Oruçluyken dikkat edeceğimiz hususlardan birisi sinirlenmemek. Şu anda biliyorsunuz havalar sıcak, insanlar trafikteyken herhangi bir şey olursa sinirleniyor ya da dinimize uygun olmayan bazı sözler kullanabiliyorlar. Biliyorsunuz oruçluyken bazı şeyleri yapmak sevabı götürür, günaha düşürür. Orucumuzun geçerli olabilmesi için dine aykırı bir şey söylememek, itikat etmemek ve yapmamak gerekir. Allah’a, peygamberlere, dine sövmekten uzak kalmak gerek. Bir kimse Allah’a, peygamberlere, meleklere ve kadere söverse dinden çıkar. Onun orucu da bozulur. Ya da bir kimse kim o dünyaya gitti de geldi diye ahiretten bahsederse, oruçla, namazla, zekâtla, hacla alay ederse, kahrolsun şeriat diye bir söz kullanırsa, Allah ışıktır, Allah ruhtur, Allah göktedir, arşın üzerindedir derse bu insan İslam’dan ayrılmış olur.
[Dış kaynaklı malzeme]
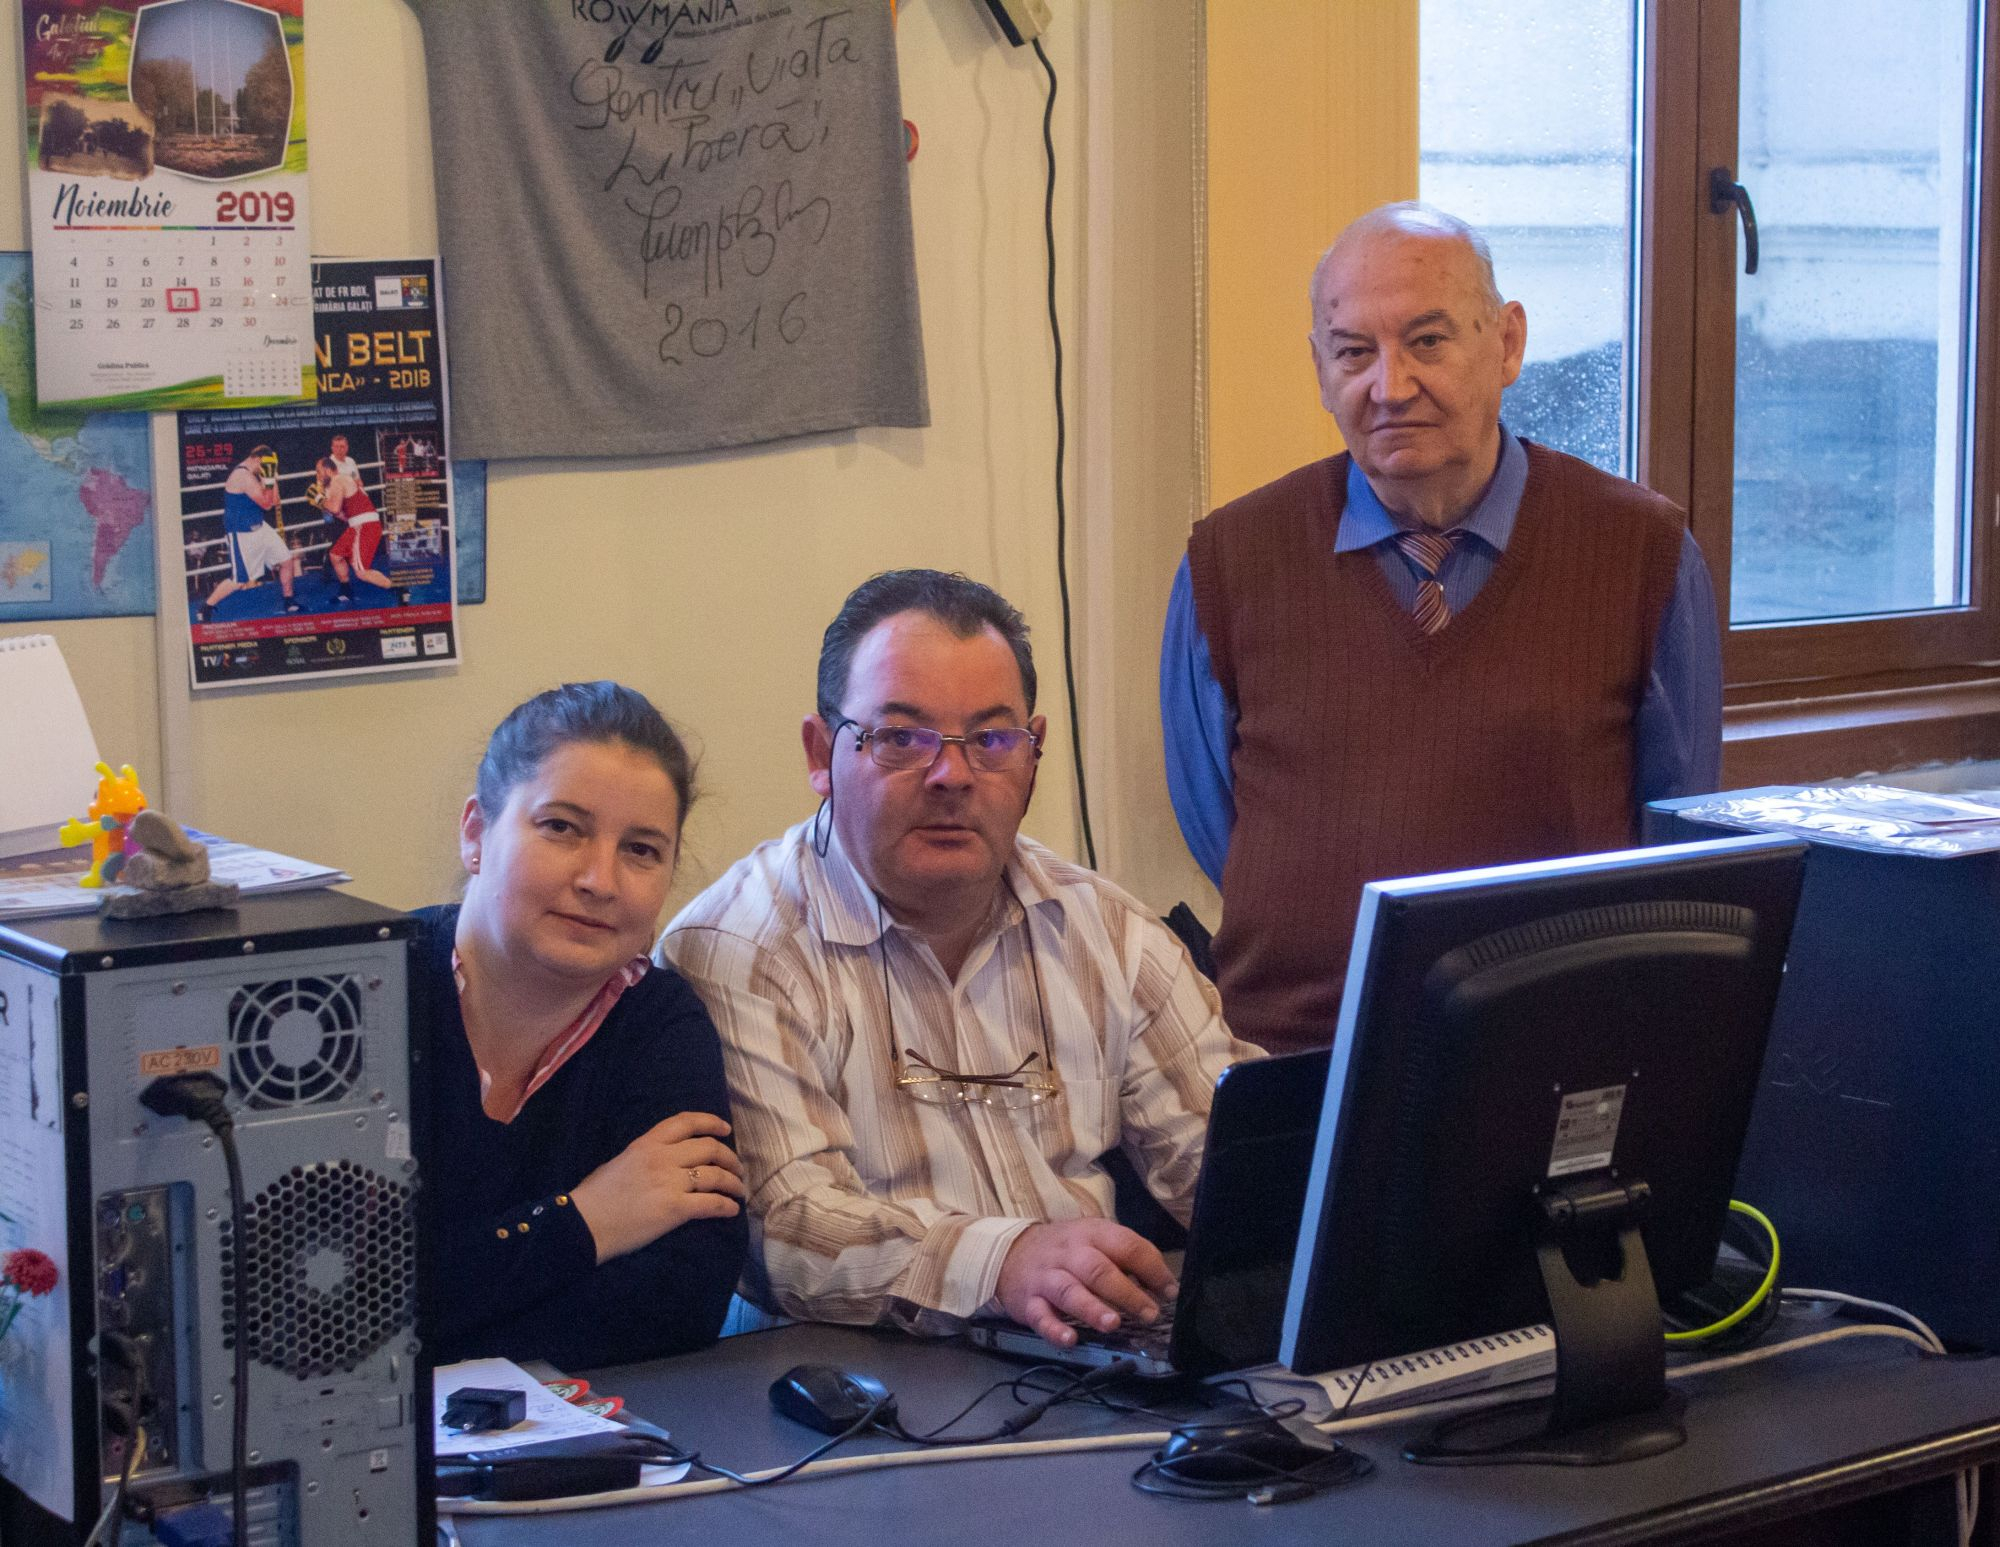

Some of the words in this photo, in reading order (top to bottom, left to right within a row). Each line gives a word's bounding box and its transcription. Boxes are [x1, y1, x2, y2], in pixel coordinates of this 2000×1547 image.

[53, 183, 174, 225] Noiembrie
[216, 190, 295, 222] 2019
[243, 236, 250, 247] 2
[69, 256, 78, 268] 4
[107, 256, 115, 267] 5
[142, 256, 151, 267] 6
[177, 256, 185, 267] 7
[210, 256, 218, 267] 8
[243, 256, 252, 267] 9
[274, 256, 286, 267] 10
[70, 277, 80, 288] 11
[105, 277, 118, 288] 12
[141, 276, 153, 288] 13
[175, 276, 188, 288] 14
[210, 276, 221, 287] 15
[243, 276, 254, 287] 16
[275, 276, 286, 287] 17
[325, 286, 337, 298] DE
[338, 285, 349, 297] FR
[70, 298, 82, 309] 18
[106, 297, 119, 309] 19
[140, 298, 156, 309] 20
[176, 297, 189, 309] 21
[209, 297, 223, 308] 22
[275, 296, 289, 308] 24
[69, 318, 84, 330] 25
[106, 318, 121, 330] 26
[142, 318, 156, 329] 27
[176, 318, 190, 329] 28
[210, 317, 224, 328] 29
[242, 317, 257, 328] 30
[659, 292, 807, 366] 2016
[347, 329, 431, 367] BELT
[388, 368, 431, 389] 2018
Kuran’ı Kerim’in ayetlerini çöpe atmak, Allah’ın adını gördüğü halde üzerine basmak, bir peygamberin Allah’tan başka bir şeye ibadet ettiğine ve yalan söylediğine, çirkin bir hastalığa yakalandığına itikat etmek bu gibi şeyler insanı dinden çıkarır. Bunlara dikkat etmek gerekir.
‘KELİME-İ ŞEHADET GETİRMELİ’
■ Bu gibi durumlarda ne yapması gerekir?
Kelime-i Şehadeti getirip İslam’a girmesi gerekir. Ya Rabbi ben tövbe ettim diyerek İslam’a girilmez. Böyle bir şeye düşenin ibadetinin geçerli olabilmesi için Kelime-i Şehadeti getirip İslam’a girmesi gerekir.
‘KÜSKÜNLER BARIŞSIN’
■ Ramazan ayından beklentileriniz nelerdir?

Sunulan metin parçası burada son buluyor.